/pooling-windows

Pytorch implementation of Pooling Windows like those used in Freeman and Simoncelli, 2011

Primary LanguageJupyter NotebookMIT LicenseMIT

pooling-windows

PyTorch implementation of pooling windows like those used in Freeman and Simoncelli, 20111.

Matlab code for these windows exist as part of Jeremy Freeman's repo for the original paper. This repo is not a direct port of that code, but a conceptual reimplementation, following the math outlined in the supplemental materials, and also includes a version using Gaussian windows. Note this means we do not test whether our outputs match the original implementation (and, as pointed out by Wallis et al, 20192, there is a minor bug in that code).

The included Guassian windows overlap more than the original windows (which used a raised-cosine falloff), and thus give a smoother representation. They were created by William Broderick for his foveated metamer project (VSS 2020 poster, VSS 2023 poster, preprint), and notably improved the quality of V1 and retinal metamers. A more detailed discussion of the differences between the Gaussian and raised-cosine windows can be found at the top of pooling.py.

Requirements

This code works with python 3.7, 3.8, 3.9, and 3.10. The packages required to use this code can be found in requirements.txt. In order to install them in your virtual environment of choice, run pip install -r requirements.txt; you will then be able to use the code here from within this directory (pooling is not itself installed, and thus will not be on your path). There is one function, PoolingWindows.plot_windows(), which requires plenoptic -- if you wish to use it, you must install that package as well (follow the instructions in its README).

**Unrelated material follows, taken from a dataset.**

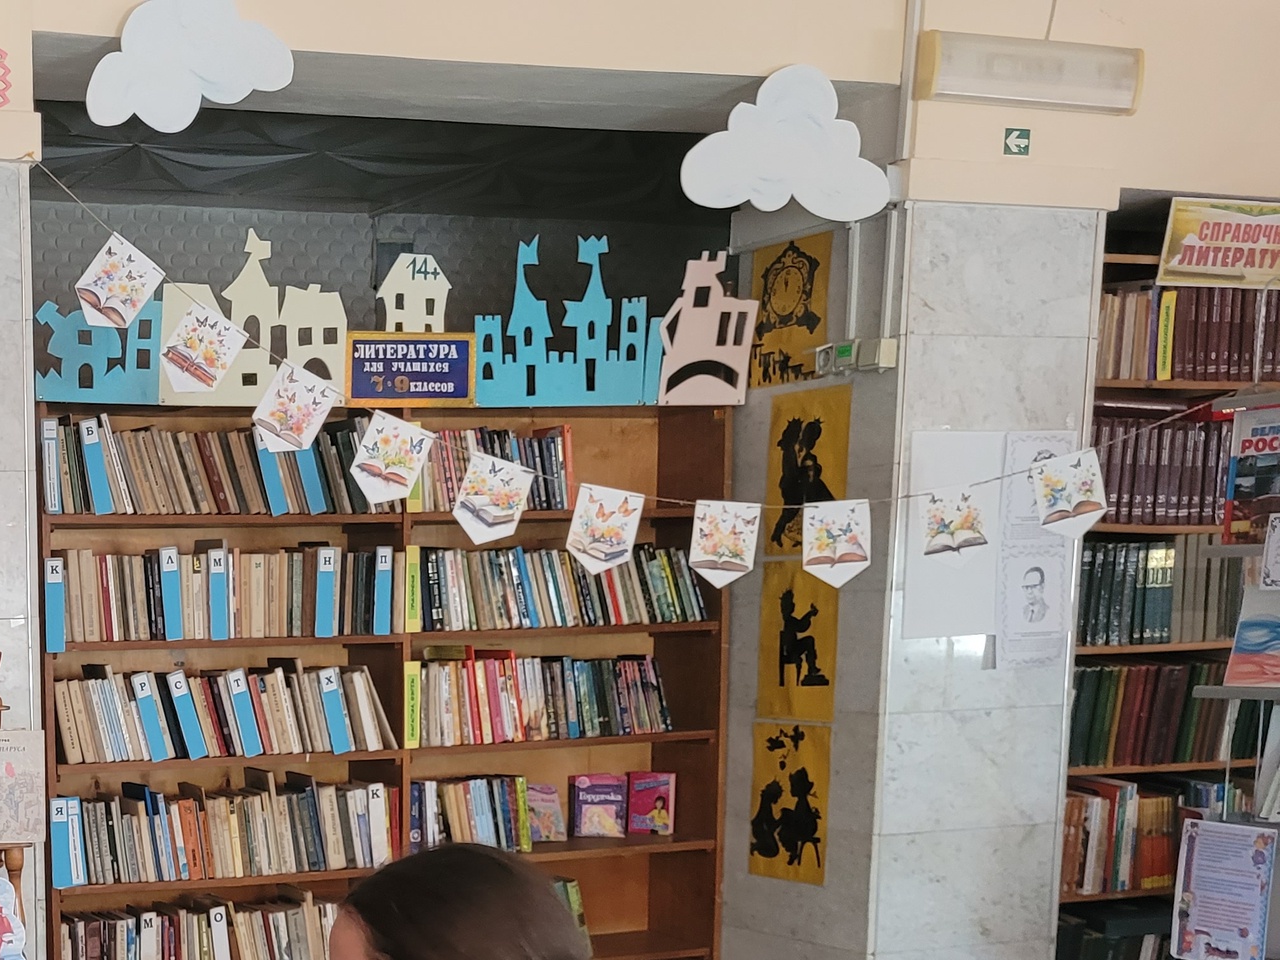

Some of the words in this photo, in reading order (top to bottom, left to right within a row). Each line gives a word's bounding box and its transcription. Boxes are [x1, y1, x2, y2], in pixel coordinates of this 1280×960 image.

If you wish to view the included notebook (which contains a simple demonstration of some sampling and aliasing issues), you will also need to install jupyter.

Usage

The PoolingWindows class is the main way of interacting with this code. To use, you instantiate it and then call it on a 4d image-like tensor. Let's break that down:

  • First, load in an image. This can be either grayscale or color. In the following code snippet, we treat it as if it were 8-bit integers (which is generally the case) and divide it by 255 because we need all values to lie between 0 and 1.
import torch
import matplotlib.pyplot as plt
import numpy as np
import pooling

img = torch.from_numpy(plt.imread('path/to/image.png').astype(np.float32)) / 255
  • Unsqueeze the image until it's 4d. Like many pytorch modules, PoolingWindows operate on 4d images as input: batch by channel by height by width. The batch dimension is used for multiple images and channel for RGB(A) (or different channels in convolution layers). PoolingWindows supports both single- and multi-batch and channel inputs, operating independently along batch and channel dimensions.
# if this is a grayscale image, it will be unsqueezed twice; if it's RGB, it will be unsqueezed once.
while img.ndim < 4:
    img = img.unsqueeze(0)
  • Construct the PoolingWindows object. There are several possible initialization arguments, and you are encouraged to investigate them yourself. The only necessary ones are scaling, which sets the relationship between the width of the windows and eccentricity, and img_res, which gives the height and width of the input. In the example below, we construct Gaussian windows. To instead construct raised-cosine ones, set window_type='cosine' and remove the std_dev argument.
pw = pooling.PoolingWindows(.5, img.shape[-2:], window_type='gaussian', std_dev=1)
  • Call PoolingWindows.forward() on the image! Note that pw(img) and pw.forward(img) are the same.
pooled = pw(img)

You can also run PoolingWindows on dictionaries of 4d tensors, like that created by the steerable pyramid implementation found in plenoptic (in this case, the keys of the input dictionary must be tuples where the first value is an int, giving the scale):

import torch
import matplotlib.pyplot as plt
import numpy as np
import pooling
import plenoptic as po

img = torch.from_numpy(plt.imread('path/to/image.png').astype(np.float32)) / 255
while img.ndim < 4:
    img = img.unsqueeze(0)
# create the pyramid
pyr = po.simul.Steerable_Pyramid_Freq(img.shape[-2:], height=4)
# get the pyramid coefficients
pyr_coeffs = pyr(img)
# remove the residuals, which PoolingWindows doesn't support natively
for k in ['residual_highpass', 'residual_lowpass']:
    pyr_coeffs.pop(k)
# let's see their shape
for k, v in pyr_coeffs.items():
    print(f'scale {k[0]}, orientation band {k[1]}: {v.shape}')
# create the windows. Note that we're now setting the number of scales! 
# This must be the same as the height of the pyramid
pw = pooling.PoolingWindows(.5, img.shape[-2:], window_type='gaussian', 
                            std_dev=1, num_scales=4)
# pooled_coeffs will have the same keys as pyr_coeffs, and its values will 
# be the pooled versions of the corresponding value in pyr_coeffs
pooled_coeffs = pw(pyr_coeffs)
for k, v in pooled_coeffs.items():
    print(f'scale {k[0]}, orientation band {k[1]}: {v.shape}')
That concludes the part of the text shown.